The Union Cabinet last week cleared a Rs 10,371.92 crore package for the National AI (artificial intelligence) Mission, which will be focused on the creation of computing capacity in the country. This follows up on the earlier announcement that the government was considering setting up a three-tier computing structure. The details for the Mission budgeting, insofar as they are known, consist of viability-gap funding for the creation of high-end computing infrastructure by the private sector. A certain amount is also earmarked for investment in relevant startups as well as support to research and development (R&D) in academic institutions, including the establishment of platforms which will develop foundational models with capacities exceeding 100 billion parameters trained on datasets covering major Indian languages for sectors such as health care, agriculture, and governance. AI curation units (ACUs) will also be developed. The proposal also includes establishing an “AI marketplace”, designed to offer AI as a service and pre-trained models.
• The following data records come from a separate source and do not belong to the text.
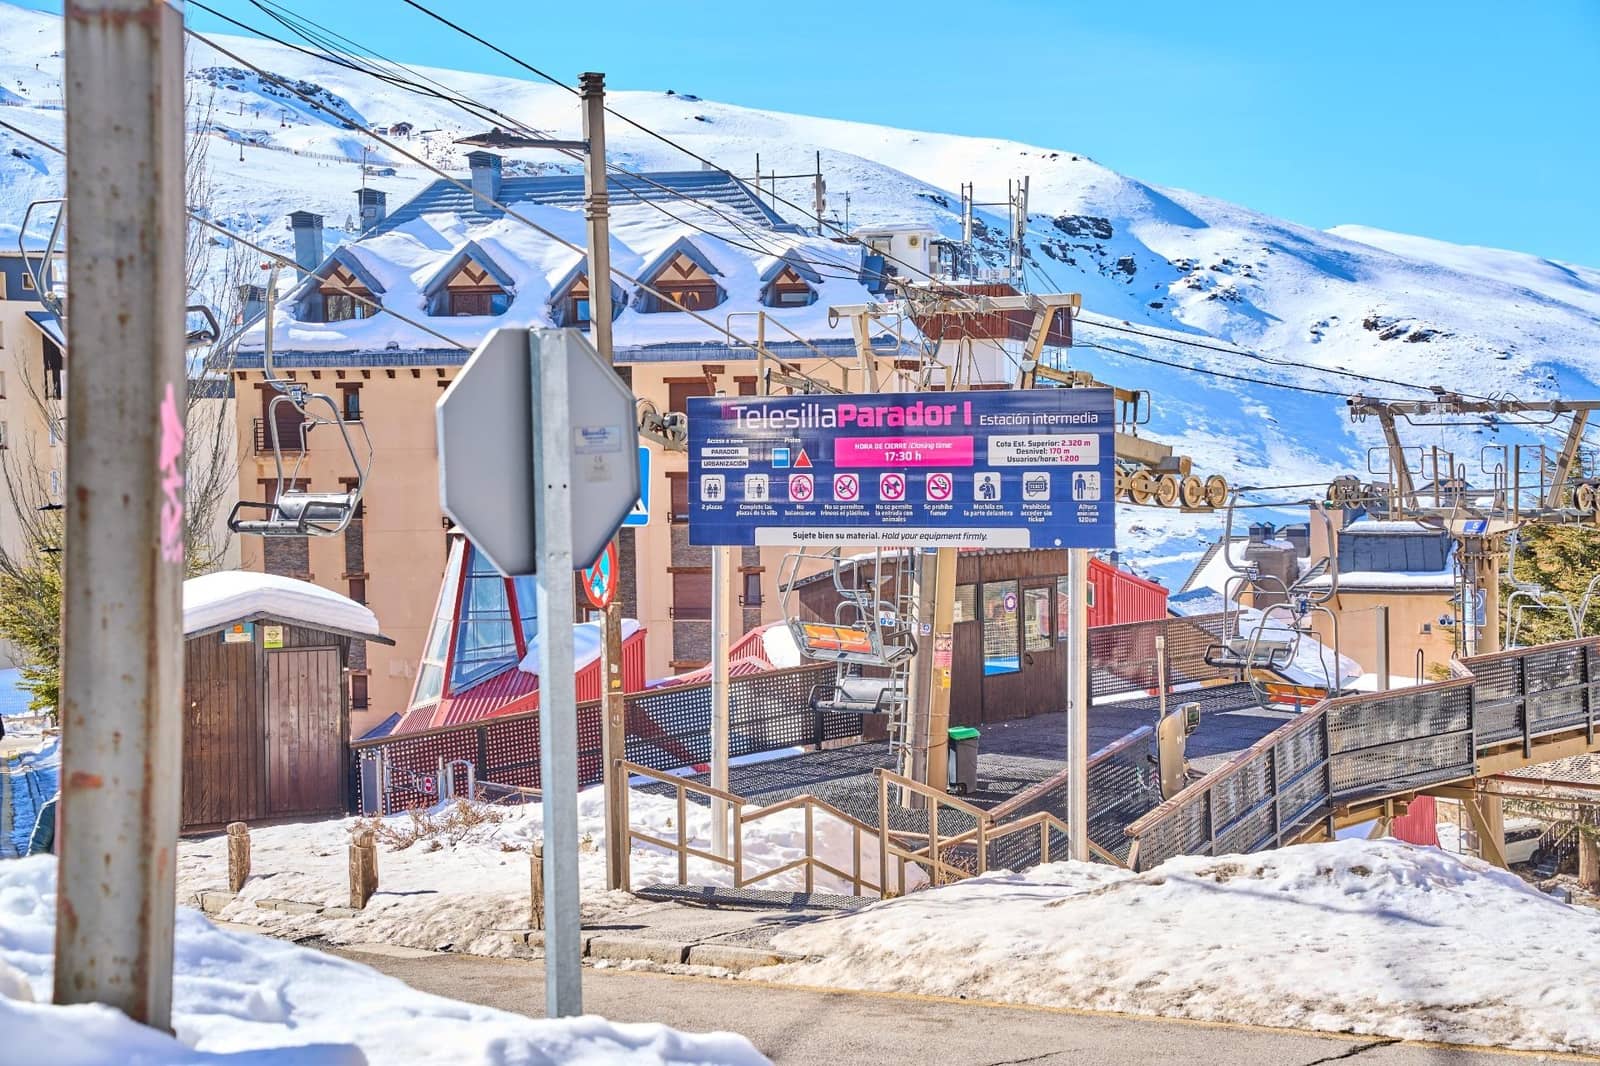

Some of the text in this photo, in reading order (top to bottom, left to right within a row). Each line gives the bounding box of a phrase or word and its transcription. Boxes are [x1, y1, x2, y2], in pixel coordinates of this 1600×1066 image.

[980, 412, 1098, 426] Estación intermedia
[1028, 440, 1060, 448] Superior:
[885, 451, 922, 461] 17:30 h
[793, 532, 817, 540] Sujete
[901, 533, 918, 541] your
[919, 532, 961, 541] equipment
[963, 532, 988, 541] firmly.
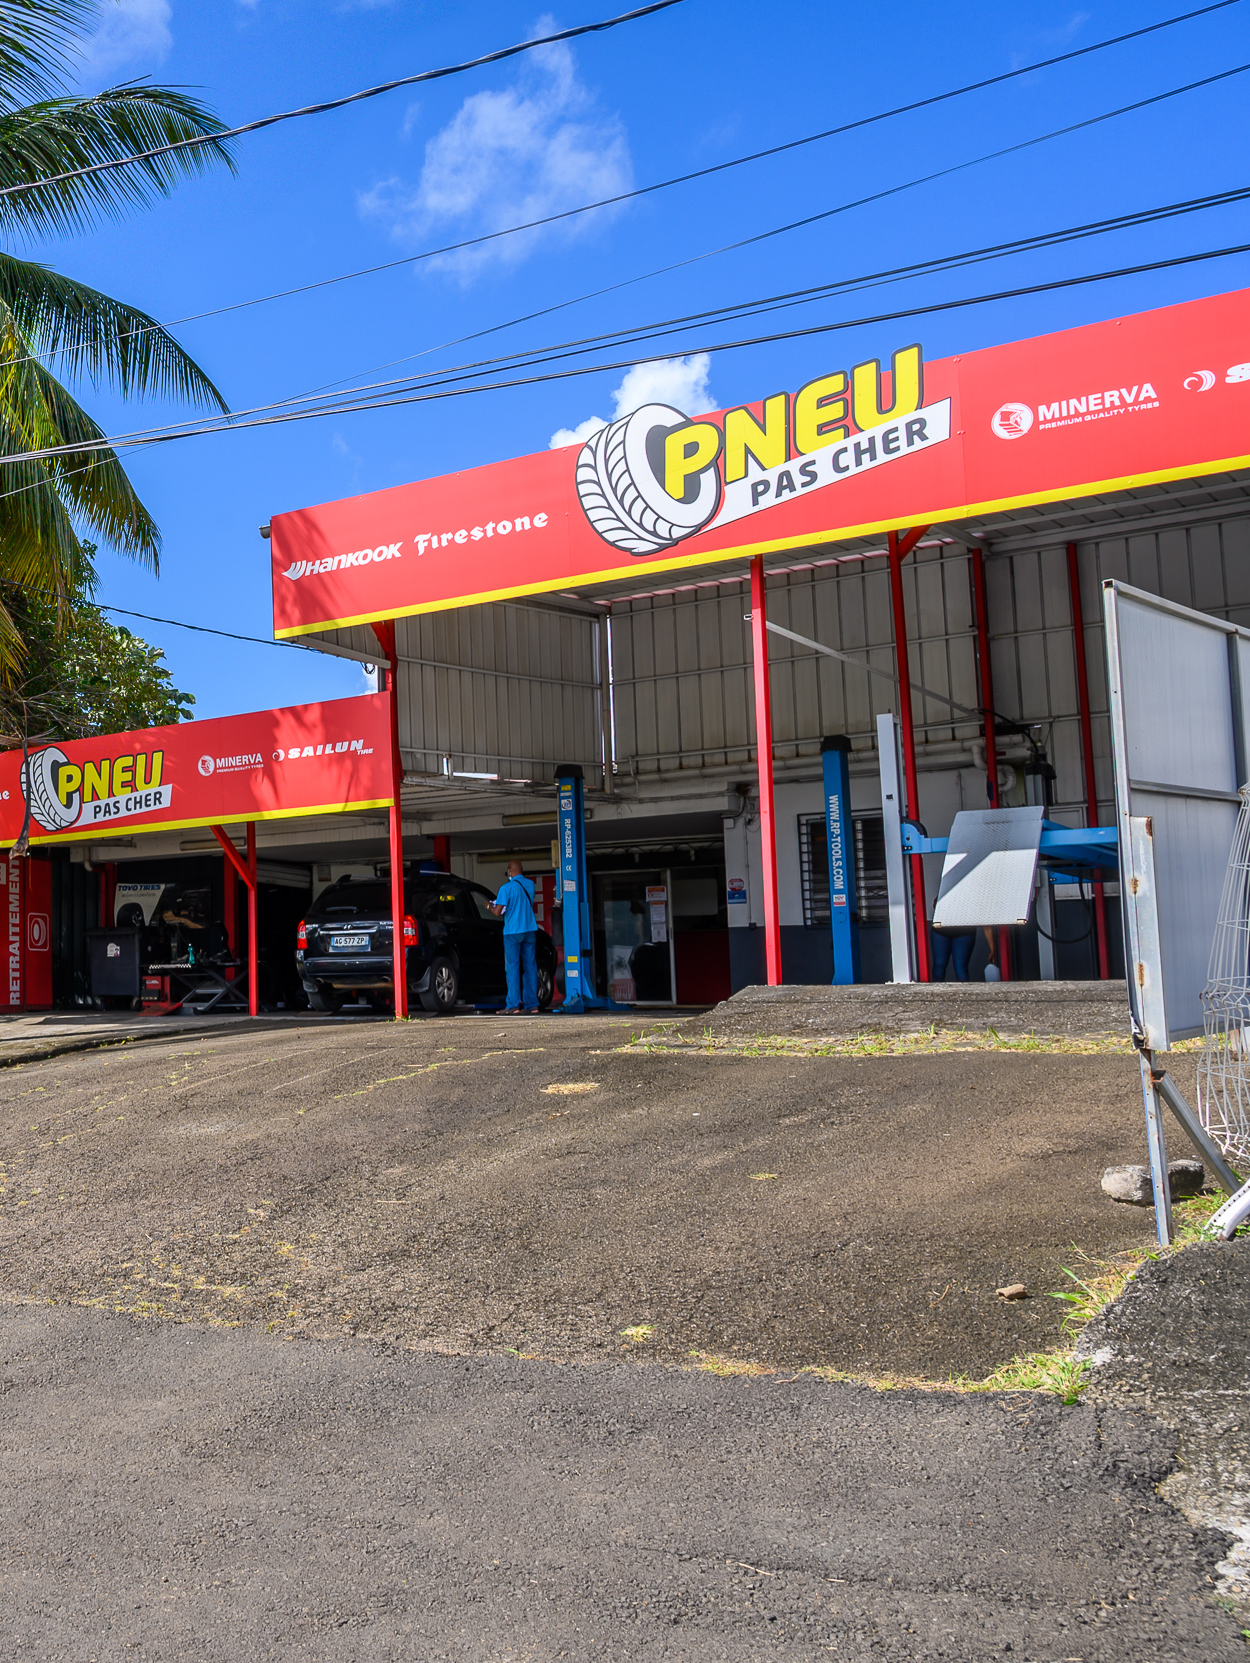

However, while all this would be useful and help the sector, the private sector is capable of finding the requisite investment for setting up computing infrastructure and developing the models and the marketplace, provided there is adequate policy support. Investment will be forthcoming for a high-growth area like AI. Indeed, the government can provide no more than seed funding for the ambitious targets the AI Mission outlines. The government should be focused more on providing an enabling environment. The AI ecosystem needs sensible, clear regulation and legislation, and enabling policy. This includes sensible Customs and tax policy for importing relevant hardware, depreciation for equipment, expensing guidelines for R&D in software, a push to encourage local manufacture of high-end equipment including semiconductors, and clear policy for investors in the AI ecosystem. Moreover, given that AI works on the basis of a vast amount of data, there is an urgent need to finetune the processing and storage of both personal and non-personal data as the sector grows. These are policy concerns and inputs only the government can address. Thus, it would be well advised to move forward in this direction as soon as possible.
As such, the Mission envisages viability-gap funding of around Rs 4,500 crore for setting up capacity aggregating around 10,000 high-end graphics processing units (GPUs). However, the allocation would only be sufficient to fund 1,000-1,500 in the way of high-end GPUs, though cost will reduce with scale. Another allocation of Rs 2,000 crore to funding startups can be reallocated to some other purpose, given the vibrancy and scale of the existing Indian startup ecosystem. An allocation of Rs 2,000 crore to the IndiaAI Innovation Research Centre for R&D into large foundational models, and the establishment of an IndiaAI Datasets Platform will certainly be useful, however. These could work as open cross-disciplinary platforms that support and service a multitude of public-sector and private entities. The commitment to an AI mission is commendable and so is the setting of ambitious targets. The world is moving fast in this context and India should not be left behind, particularly given its inherent advantages. However, policy formulation about the areas mentioned above is critical. It is important that the development and deployment of AI are under a sound and stable framework. Once there is clarity on the policy front, investment will flow into the sector.